UNIX 9th edition ????

Jim Rosenberg jr at oglvee.UUCP
Sat Jan 28 05:42:07 AEST 1989


In article <8754 at alice.UUCP> debra at alice.UUCP () writes:
>In article <19070 at agate.BERKELEY.EDU> ilan343 at violet.berkeley.edu writes:
>>I've heard recently of something called  9th edition UNIX being used at
>>Bell Labs.  How does this fit in UNIX family tree.

[...]

>The ninth edition Unix is the successor of the eight edition which was the
>successor of the seventh (well, that's not 100% true, but close enough).

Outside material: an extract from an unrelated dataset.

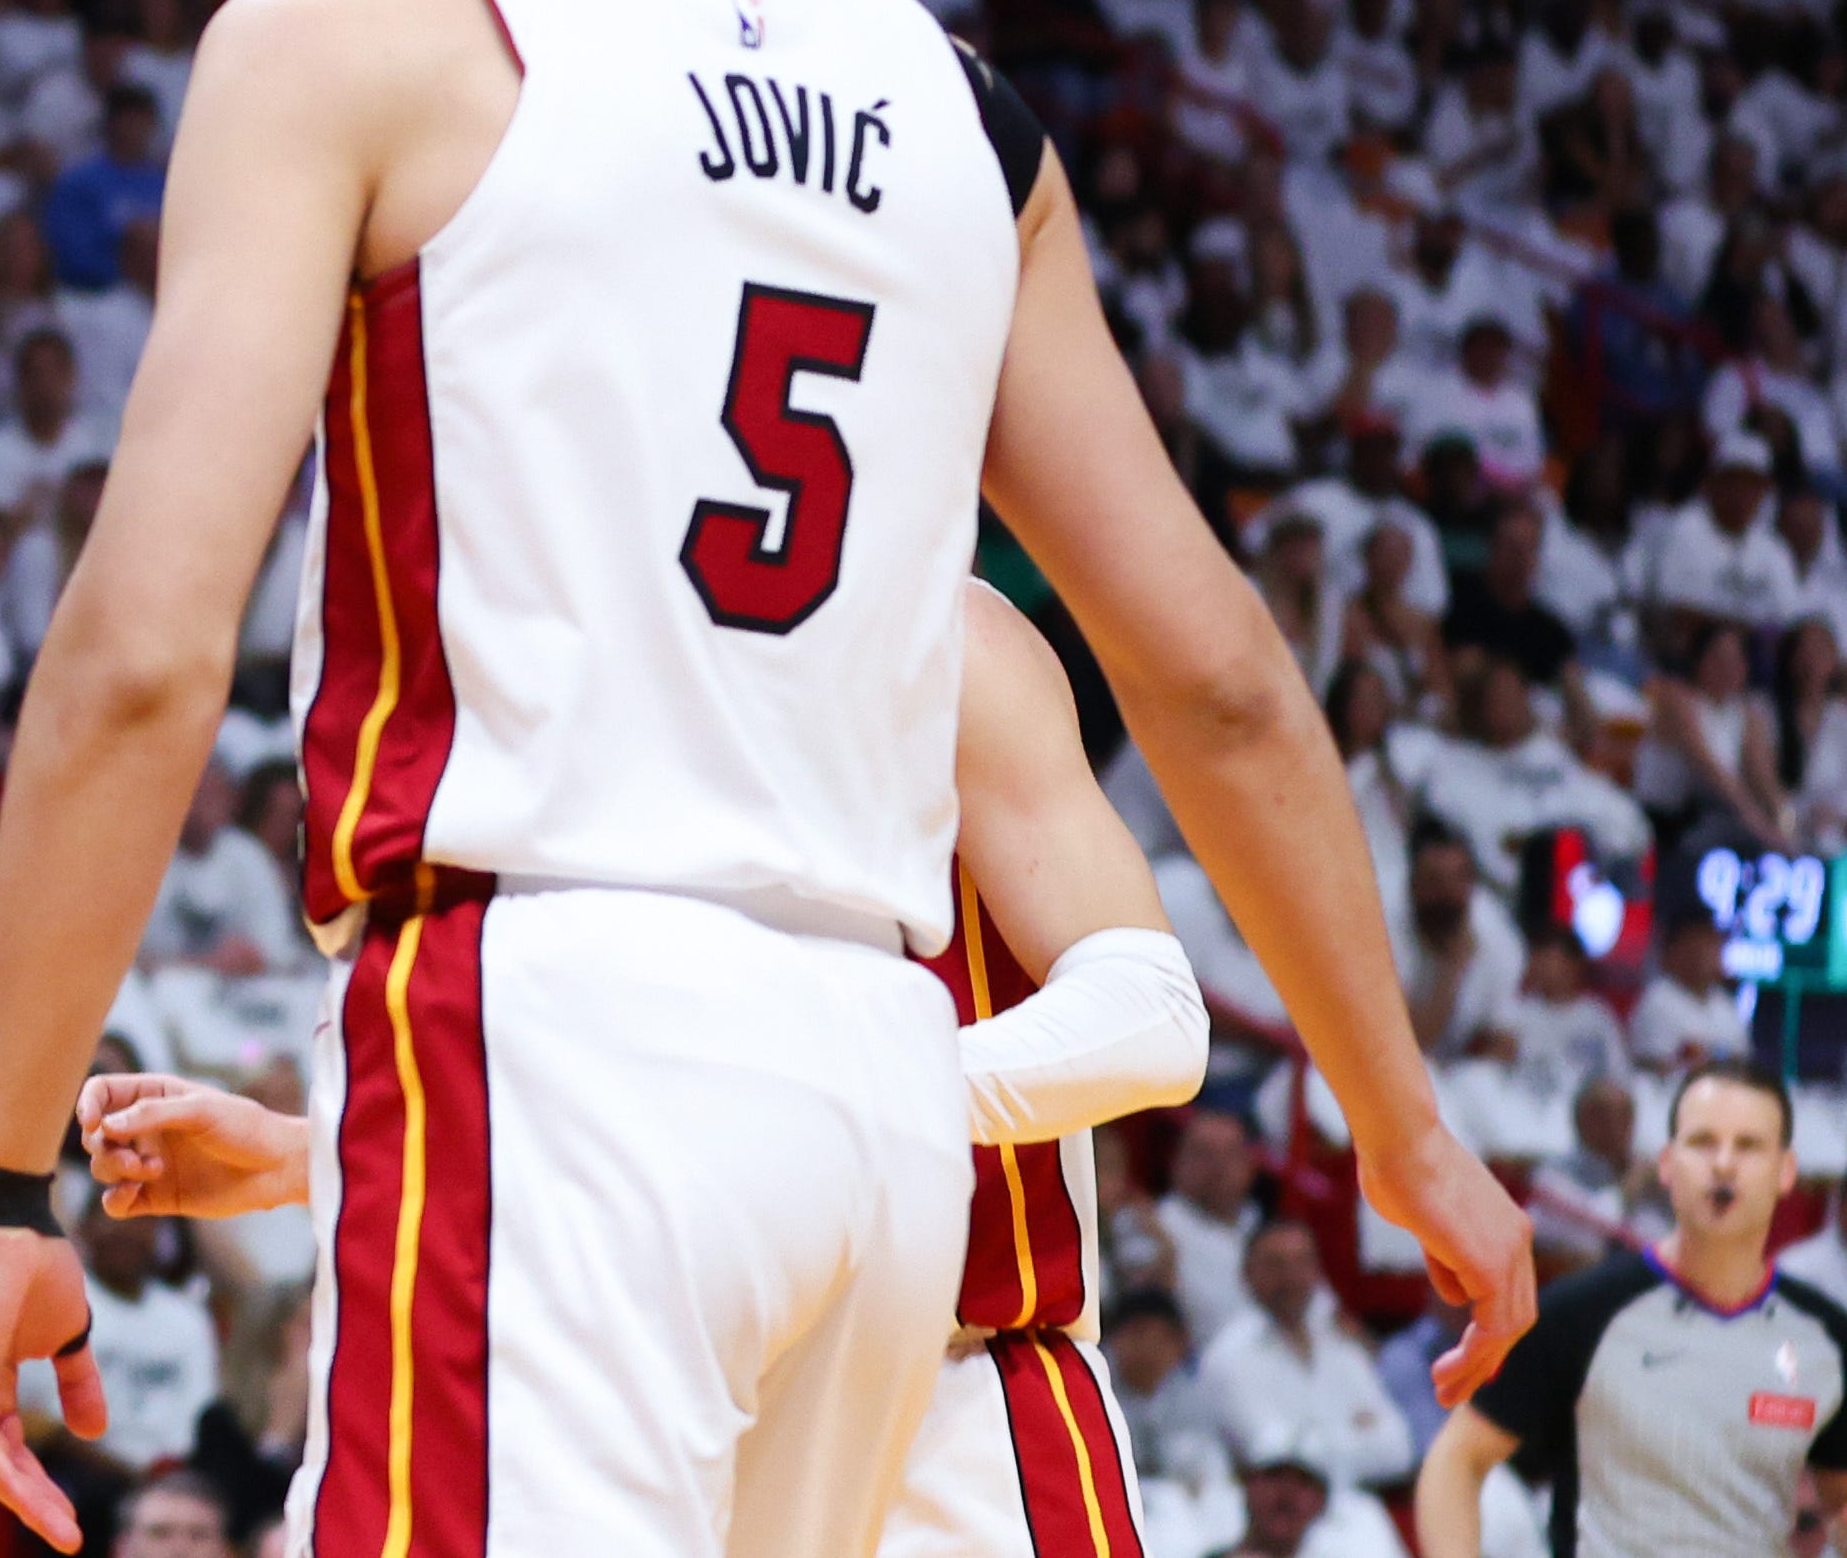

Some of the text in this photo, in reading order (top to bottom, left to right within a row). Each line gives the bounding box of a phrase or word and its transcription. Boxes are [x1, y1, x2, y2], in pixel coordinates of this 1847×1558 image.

Scuze me if this sounds rude, but it seems to me that *NOBODY* answered the
poster's original question!!!  I assume that anyone capable of posting to
Usenet can figure out that 9 > 8.  The question is -- for those of us not
privy to doings inside of AT&T research organizations -- what *INTERESTING
STUFF* is there in the 9th edition that wasn't in the 8th edition???  My
understanding is that the 8th edition brought a boatload of innovations:
e.g. STREAMS, /proc, the ancestor of the File System Switch, etc.  But I've
never read an explanation of what new things came along in the 9th edition.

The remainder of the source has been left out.